§ TASK DESCRIPTION
Print the entries below word for word; the pictures stay out of your copy.

*** Opening of MATERIALS PROVIDED ***

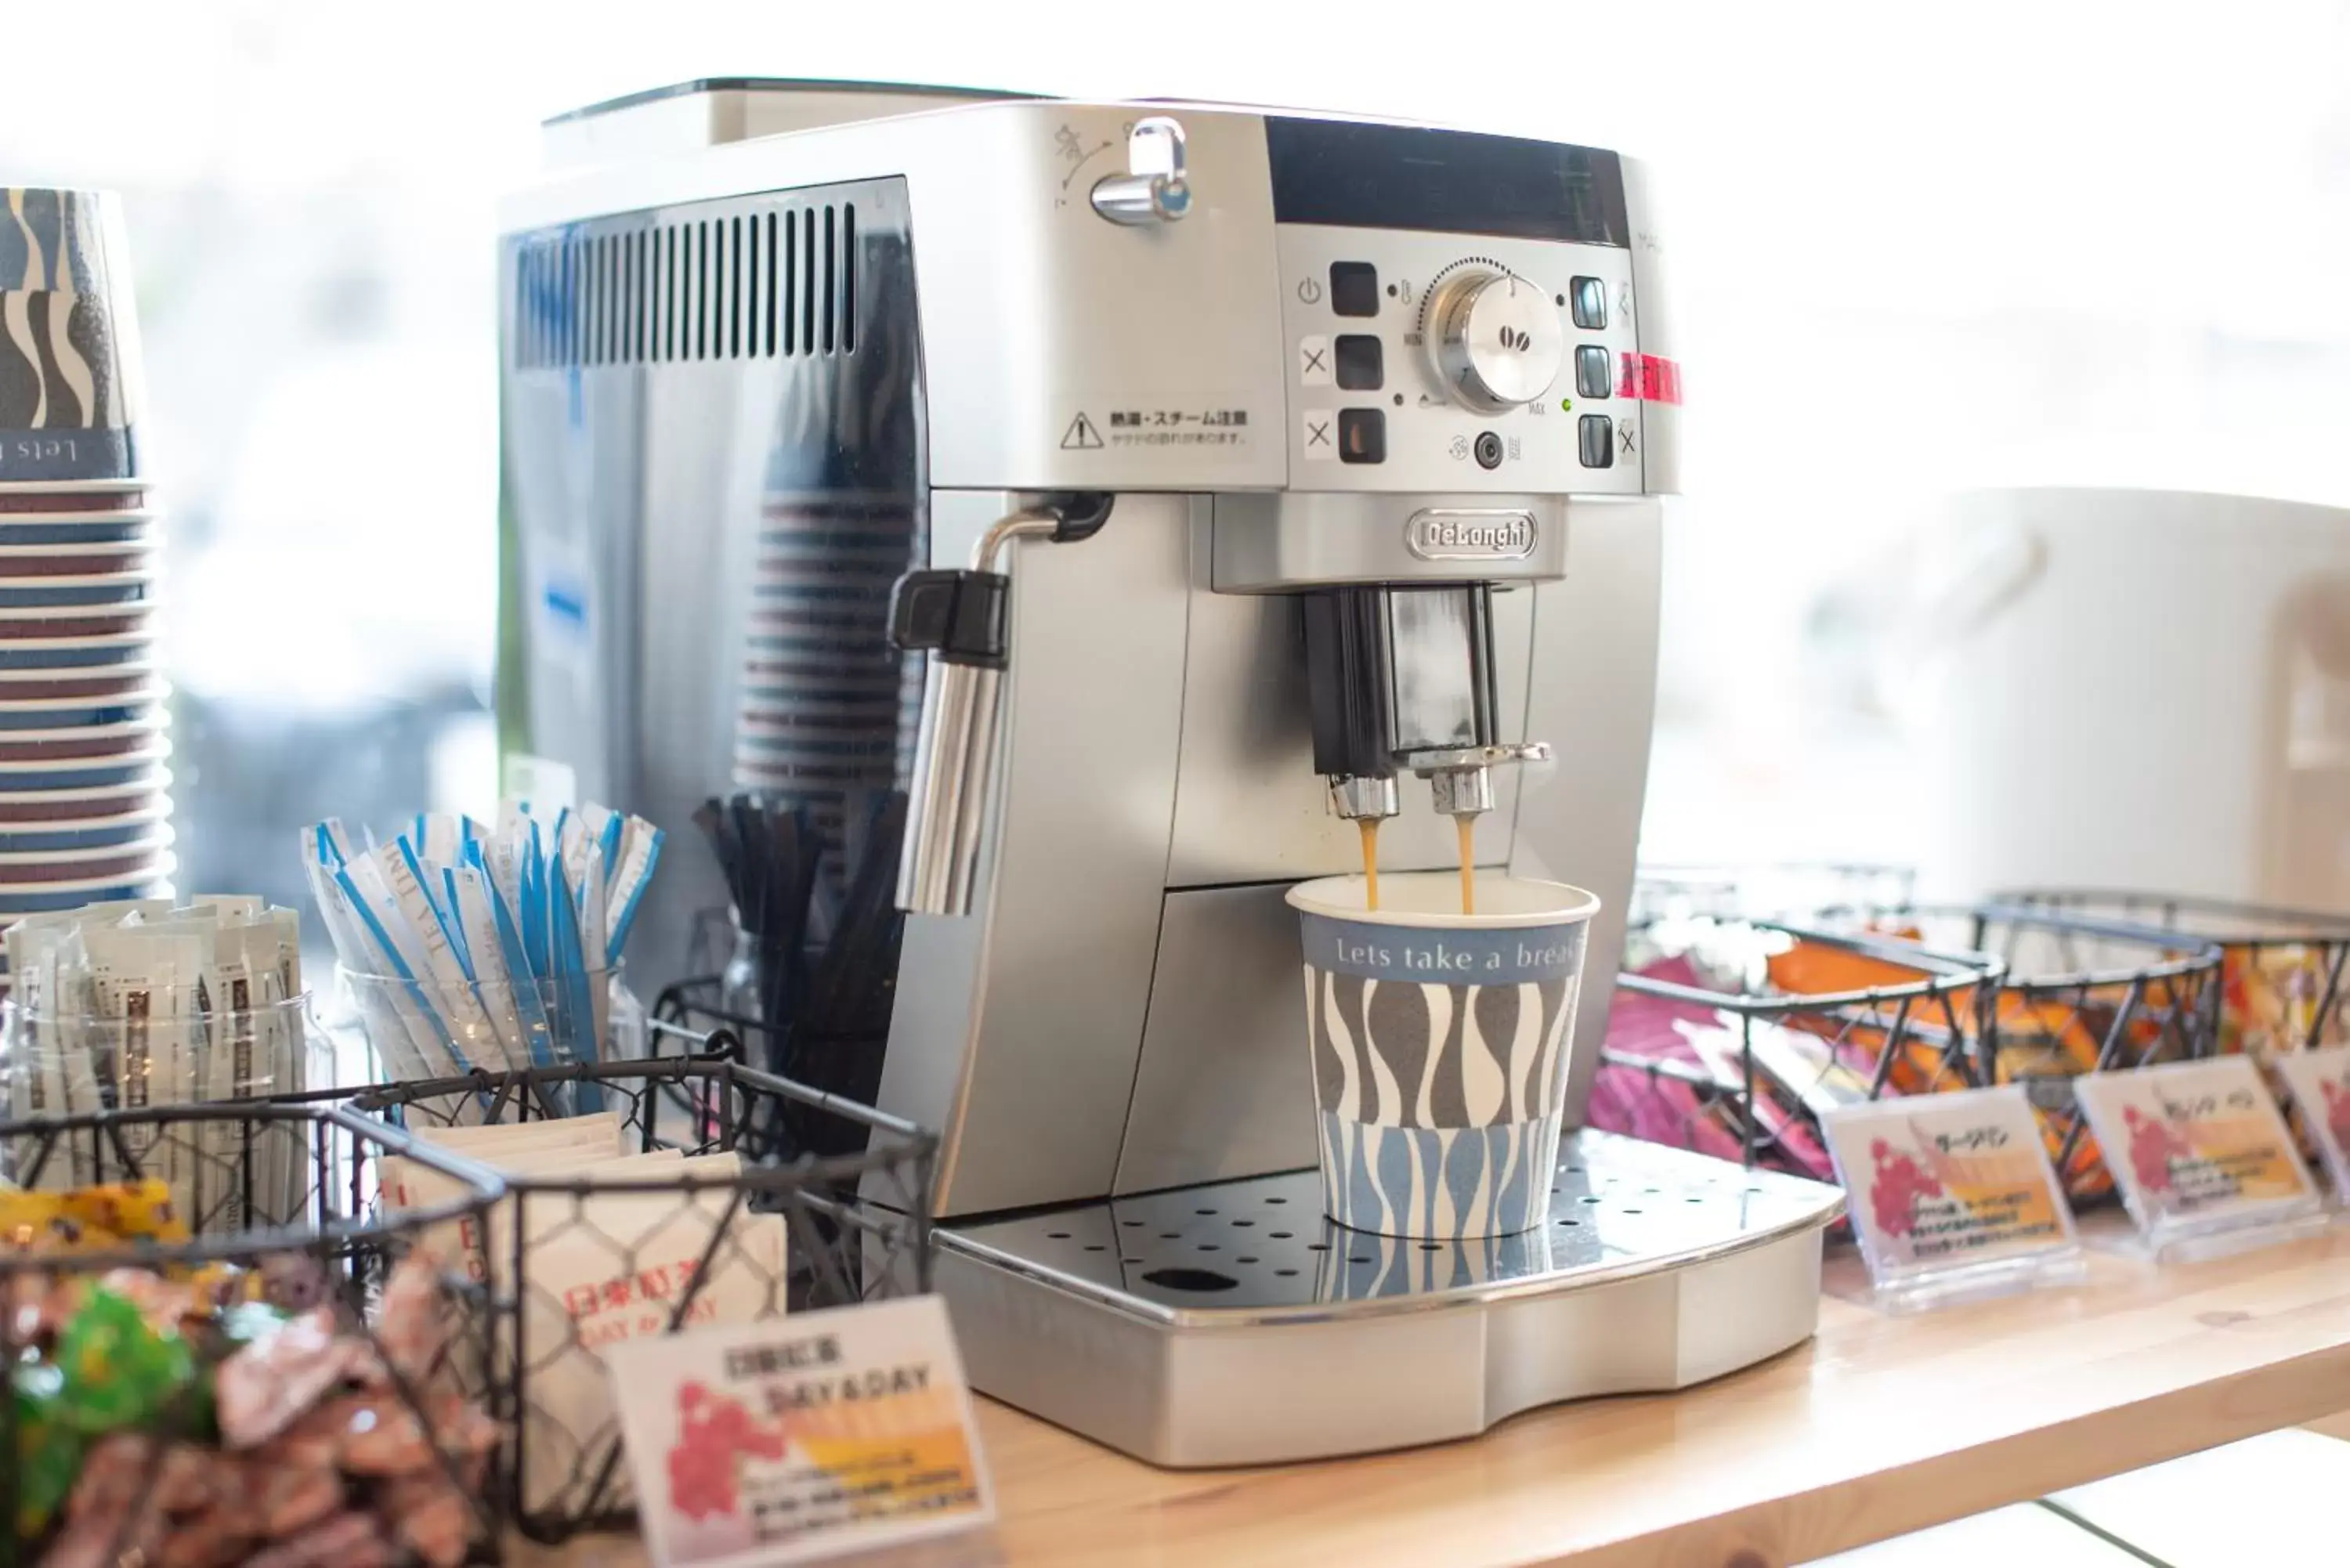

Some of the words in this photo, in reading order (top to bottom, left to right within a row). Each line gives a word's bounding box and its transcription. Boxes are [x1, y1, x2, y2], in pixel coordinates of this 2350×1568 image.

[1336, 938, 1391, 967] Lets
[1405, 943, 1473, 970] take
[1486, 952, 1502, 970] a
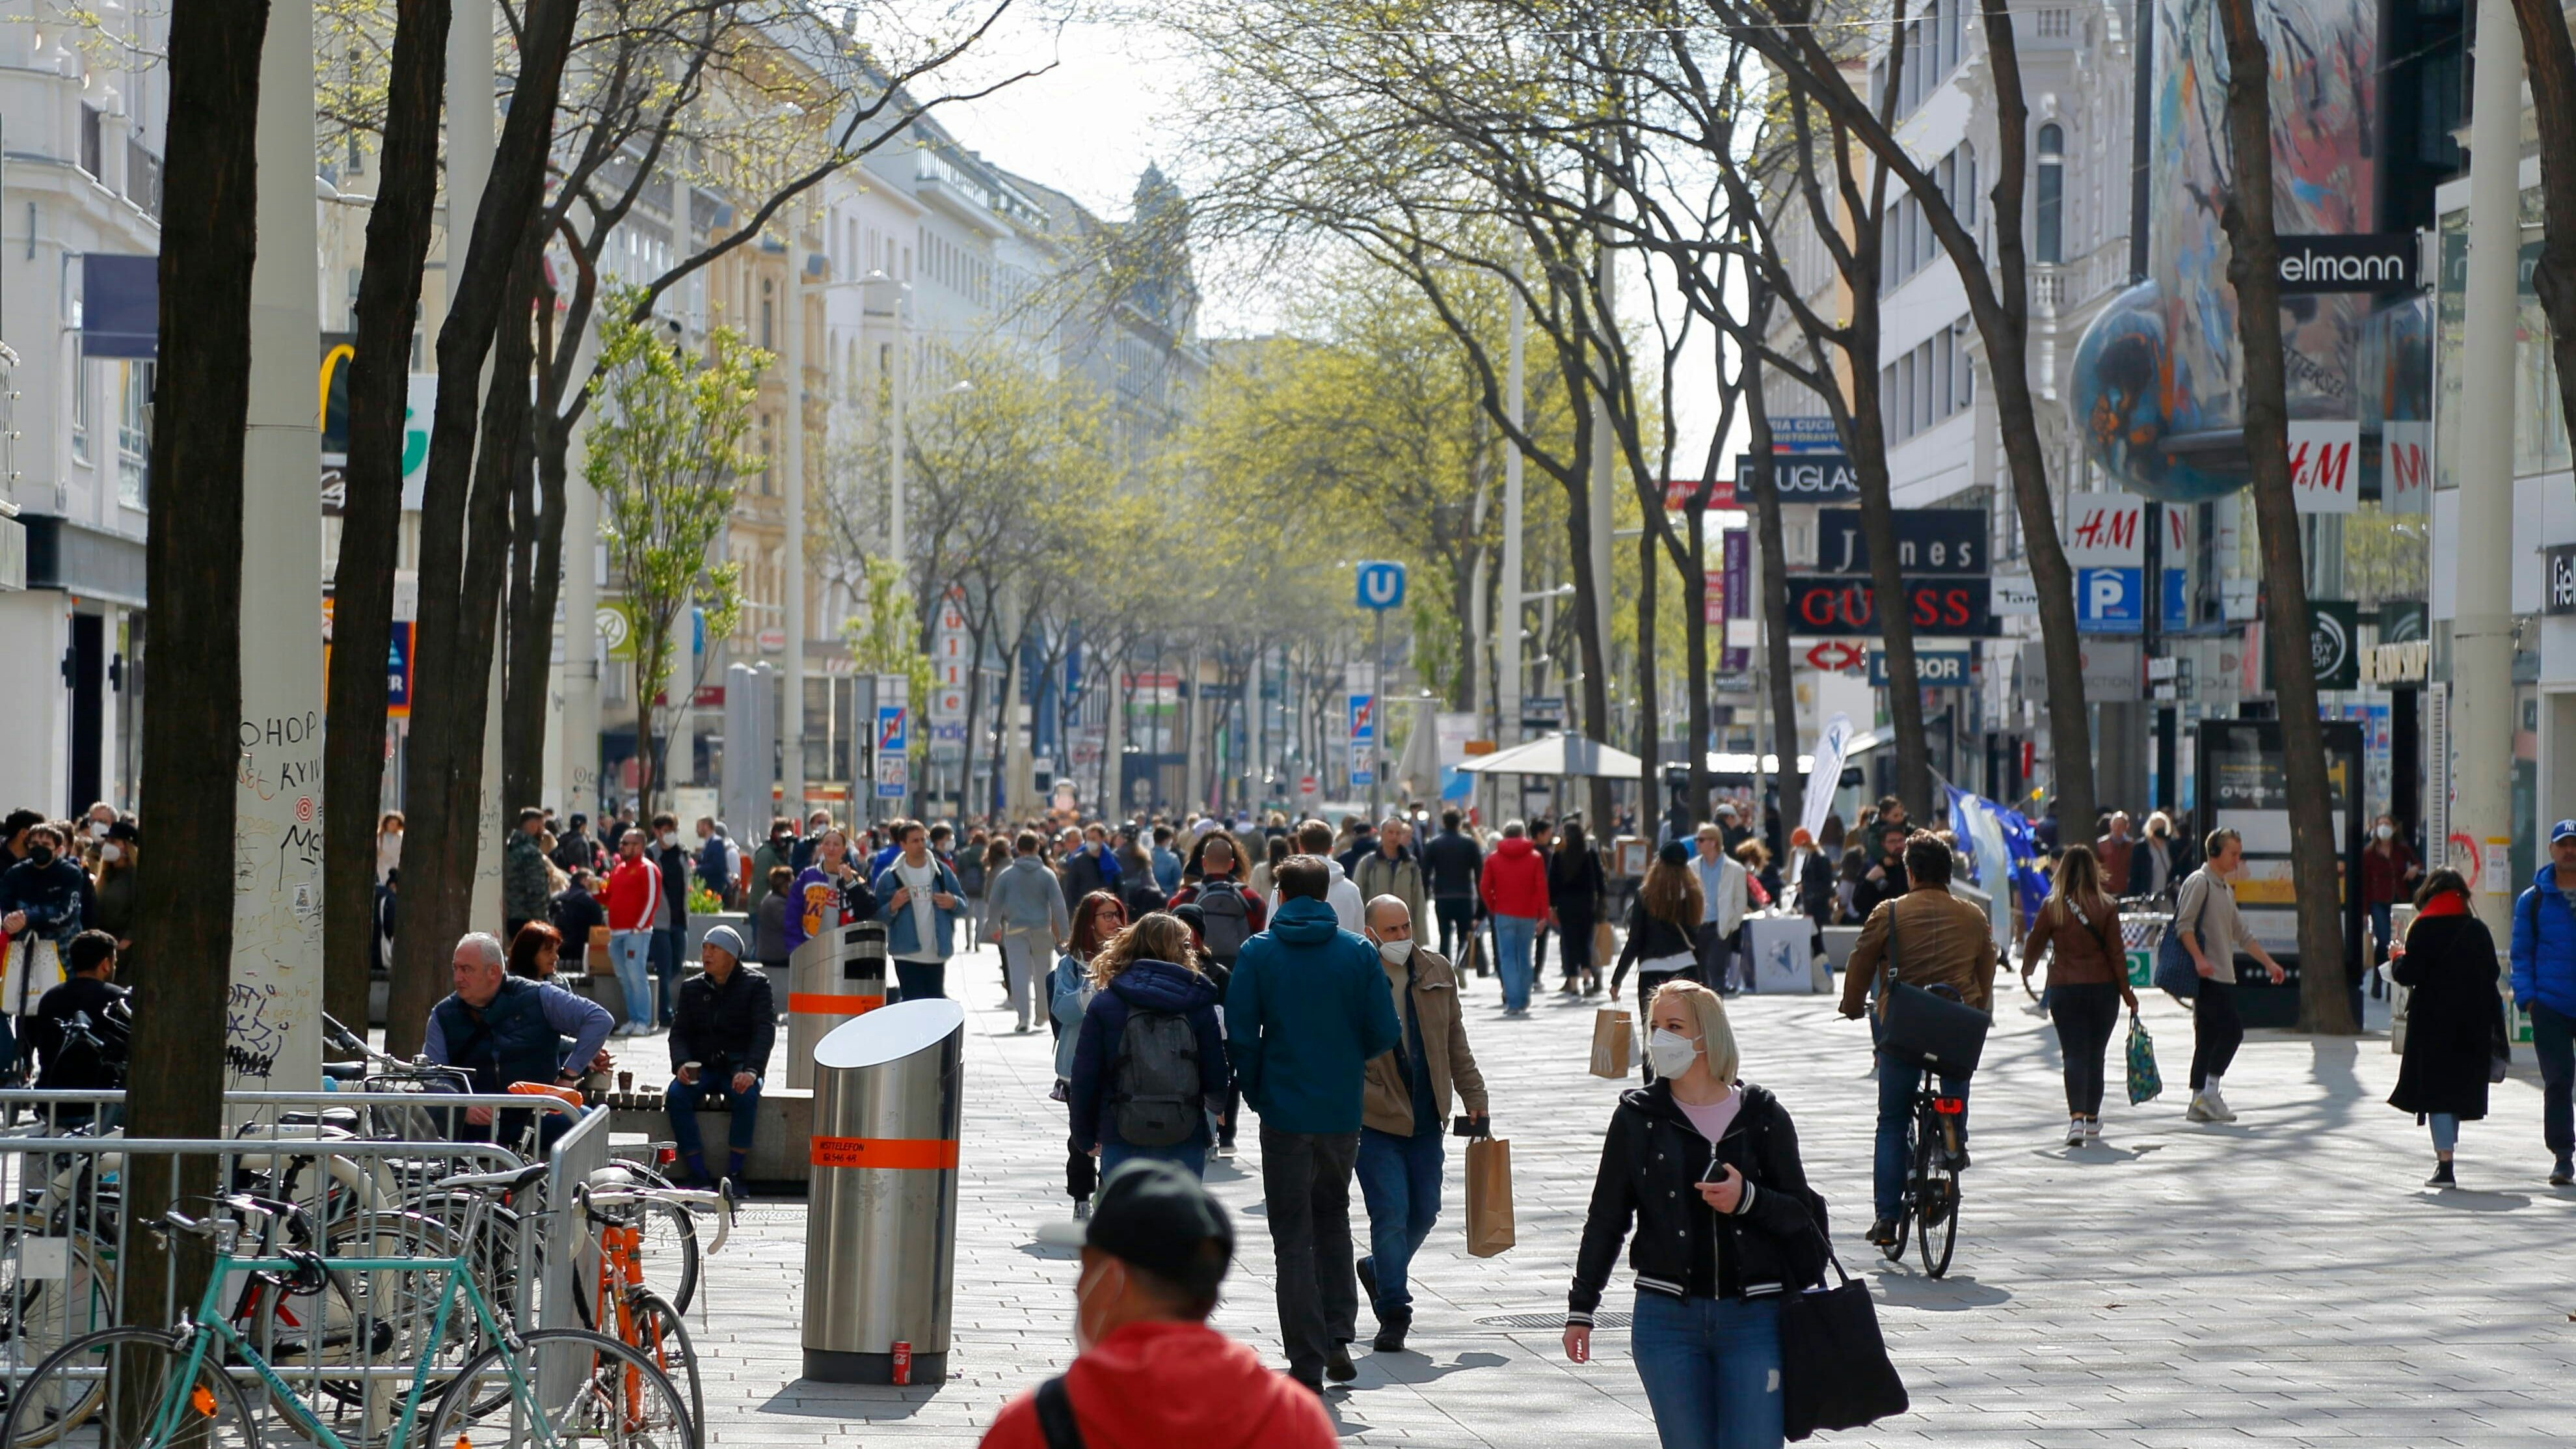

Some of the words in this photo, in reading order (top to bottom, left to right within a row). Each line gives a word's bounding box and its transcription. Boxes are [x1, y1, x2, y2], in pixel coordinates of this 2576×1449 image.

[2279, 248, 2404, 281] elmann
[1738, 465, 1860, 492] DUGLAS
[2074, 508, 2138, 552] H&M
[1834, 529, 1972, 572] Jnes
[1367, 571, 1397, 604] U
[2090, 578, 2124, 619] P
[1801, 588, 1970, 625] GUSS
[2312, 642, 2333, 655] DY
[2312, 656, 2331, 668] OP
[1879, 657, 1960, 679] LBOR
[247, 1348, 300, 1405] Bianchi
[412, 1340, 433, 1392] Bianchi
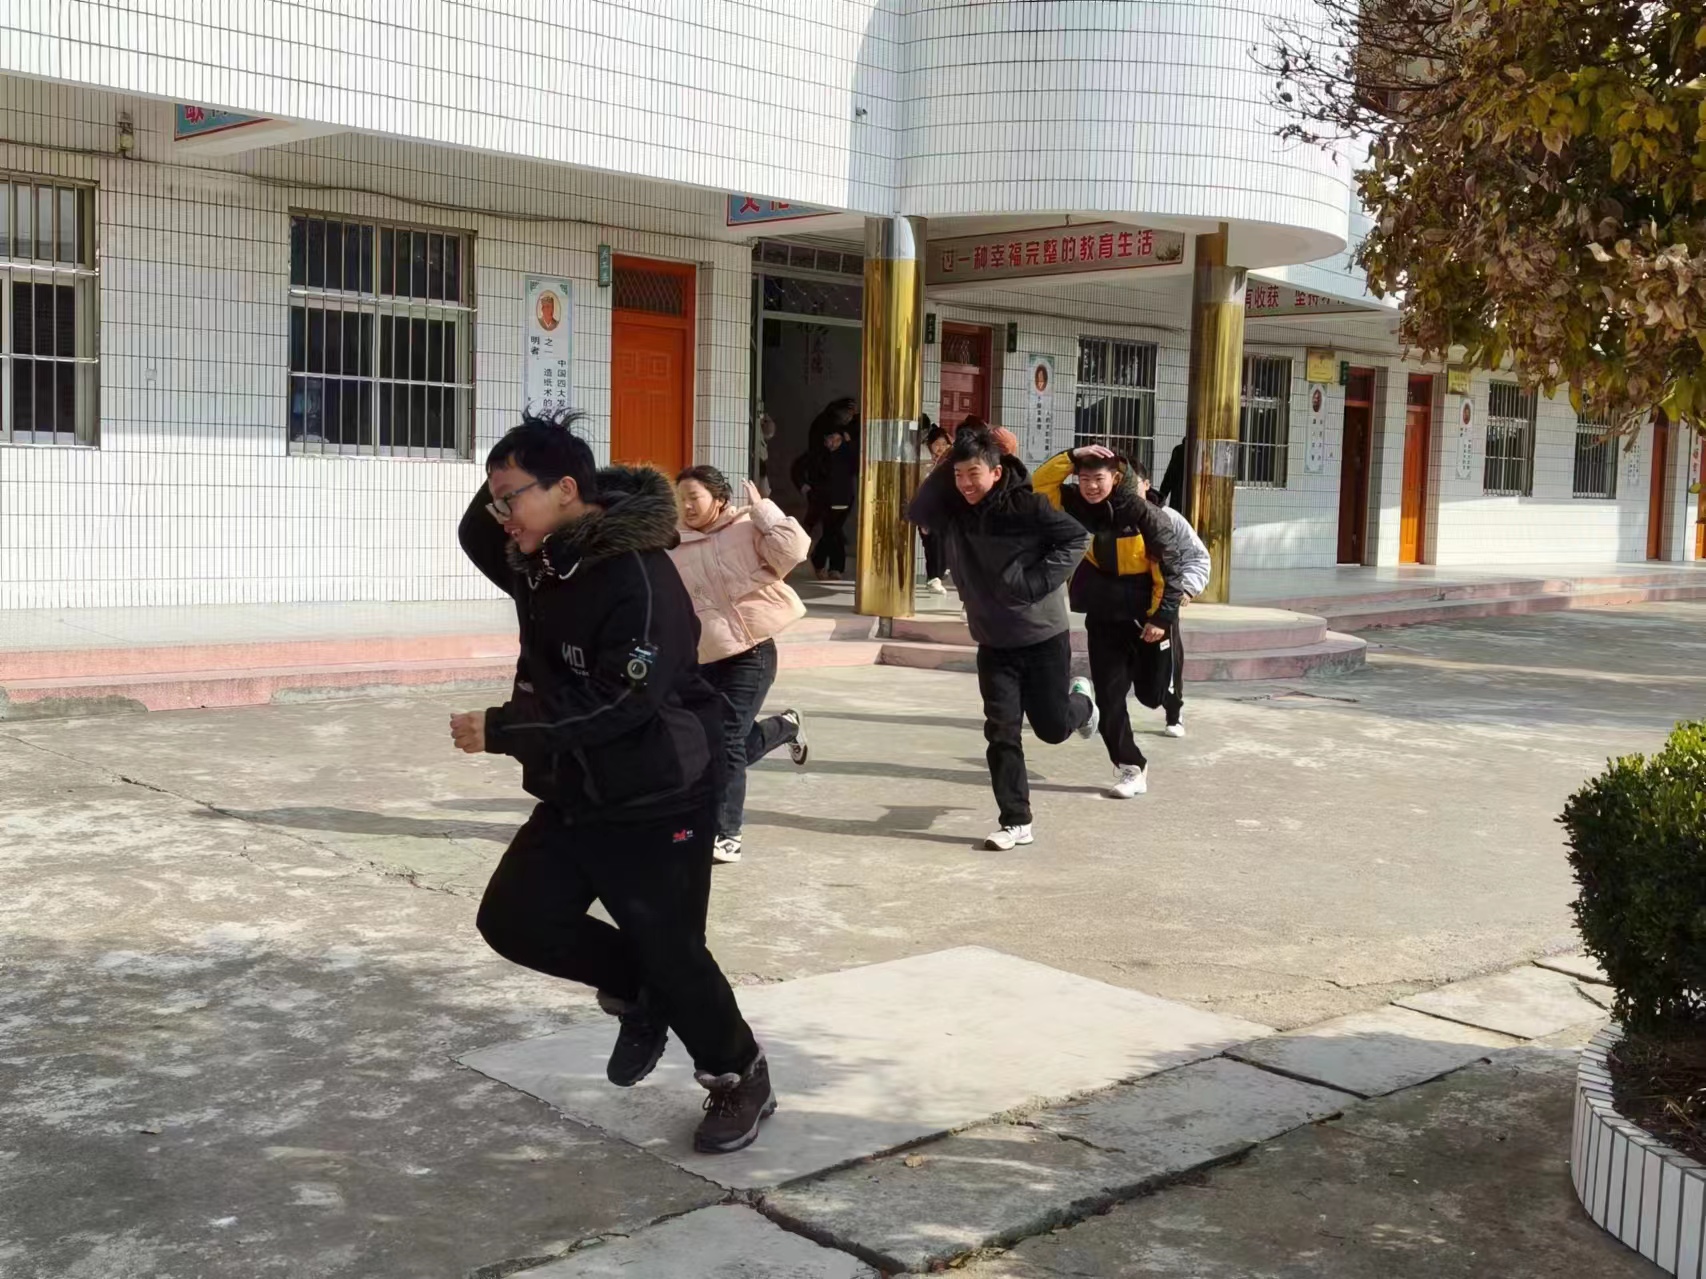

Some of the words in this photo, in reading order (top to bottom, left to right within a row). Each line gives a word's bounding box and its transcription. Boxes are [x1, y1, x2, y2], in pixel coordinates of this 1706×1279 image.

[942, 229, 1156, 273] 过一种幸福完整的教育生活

*** Close of MATERIALS PROVIDED ***

§ TASK OUTPUT
Some of the words in this photo, in reading order (top to bottom, left to right within a row). Each line gives a word's bounding box and its transcription. Boxes are [x1, y1, x2, y2], in pixel coordinates of this 2350×1568 image.

[1336, 938, 1391, 967] Lets
[1405, 943, 1473, 970] take
[1486, 952, 1502, 970] a

Some of the words in this photo, in reading order (top to bottom, left to right within a row). Each line gives a word's bounding box and its transcription. Boxes are [x1, y1, x2, y2], in pixel coordinates of this 2576×1449 image.

[2279, 248, 2404, 281] elmann
[1738, 465, 1860, 492] DUGLAS
[2074, 508, 2138, 552] H&M
[1834, 529, 1972, 572] Jnes
[1367, 571, 1397, 604] U
[2090, 578, 2124, 619] P
[1801, 588, 1970, 625] GUSS
[2312, 642, 2333, 655] DY
[2312, 656, 2331, 668] OP
[1879, 657, 1960, 679] LBOR
[247, 1348, 300, 1405] Bianchi
[412, 1340, 433, 1392] Bianchi

Some of the words in this photo, in reading order (top to bottom, left to right within a row). Each line gives a word's bounding box and its transcription. Boxes are [x1, y1, x2, y2], in pixel coordinates of this 1706×1279 image.

[942, 229, 1156, 273] 过一种幸福完整的教育生活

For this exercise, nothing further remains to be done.